Records shown:
○ ○ ○ ○ ○

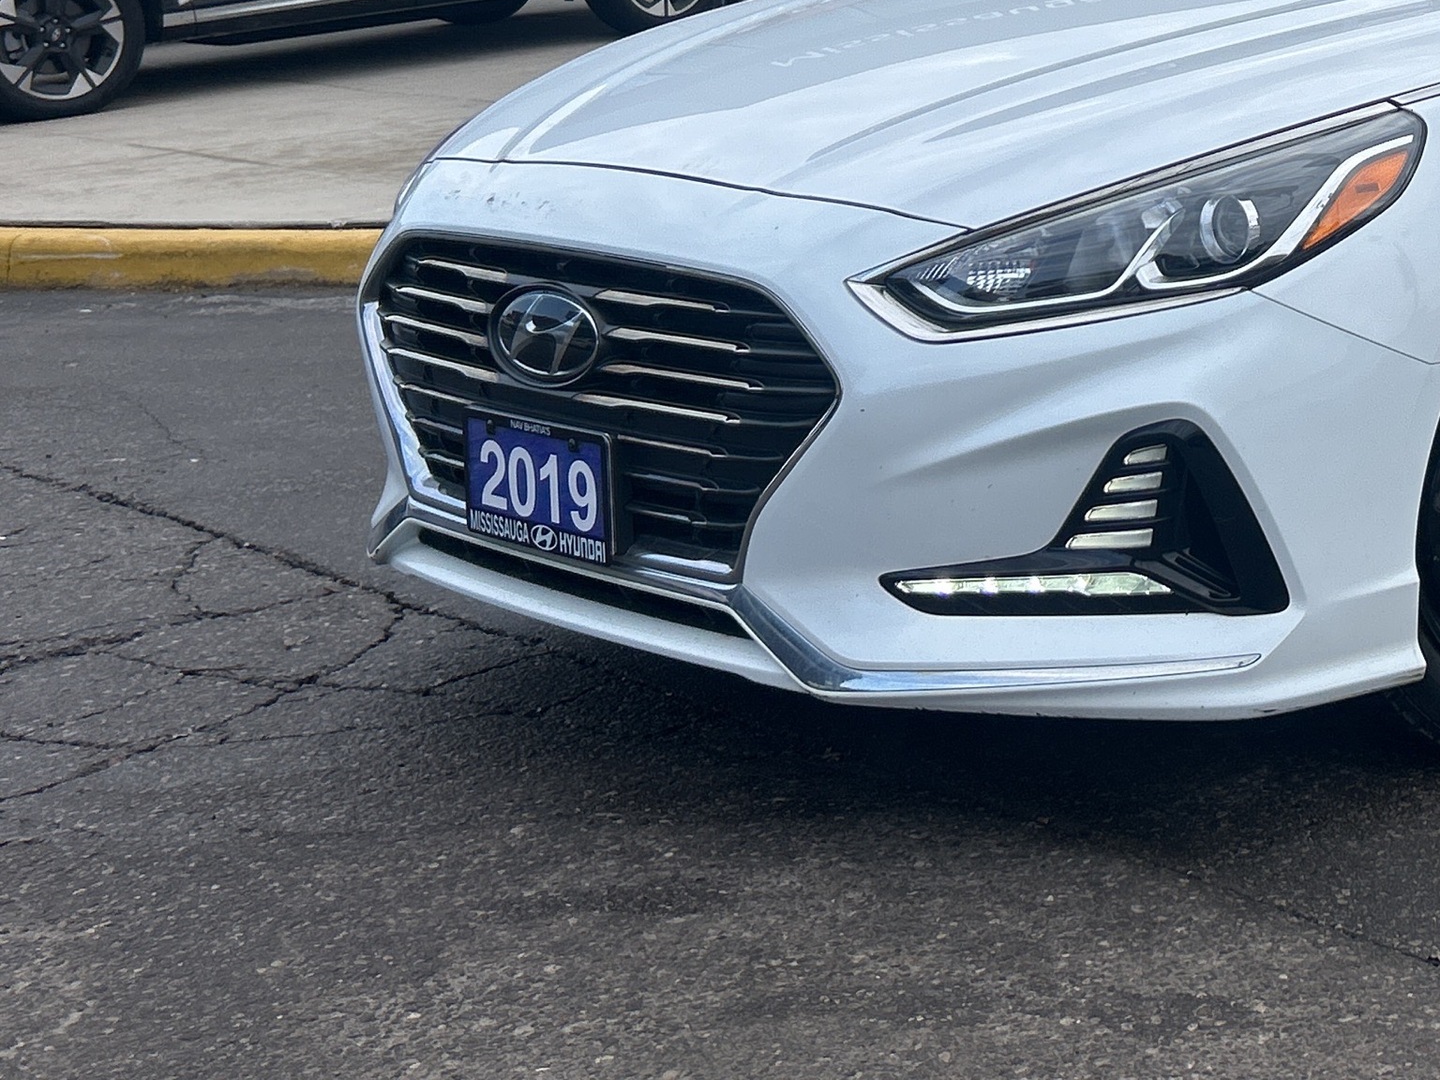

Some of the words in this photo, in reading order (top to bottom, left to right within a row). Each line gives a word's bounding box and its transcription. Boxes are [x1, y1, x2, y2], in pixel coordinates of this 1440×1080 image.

[510, 419, 524, 430] NAV
[480, 439, 598, 532] 2019
[470, 508, 530, 544] MISSISSAUGA
[560, 531, 607, 563] HYUNDAI

○ ○ ○ ○ ○

What the task asks: Reproduce all entries above exactly, minus the images.

Task solution:
Some of the words in this photo, in reading order (top to bottom, left to right within a row). Each line gives a word's bounding box and its transcription. Boxes are [x1, y1, x2, y2], in pixel coordinates of this 1440×1080 image.

[510, 419, 524, 430] NAV
[480, 439, 598, 532] 2019
[470, 508, 530, 544] MISSISSAUGA
[560, 531, 607, 563] HYUNDAI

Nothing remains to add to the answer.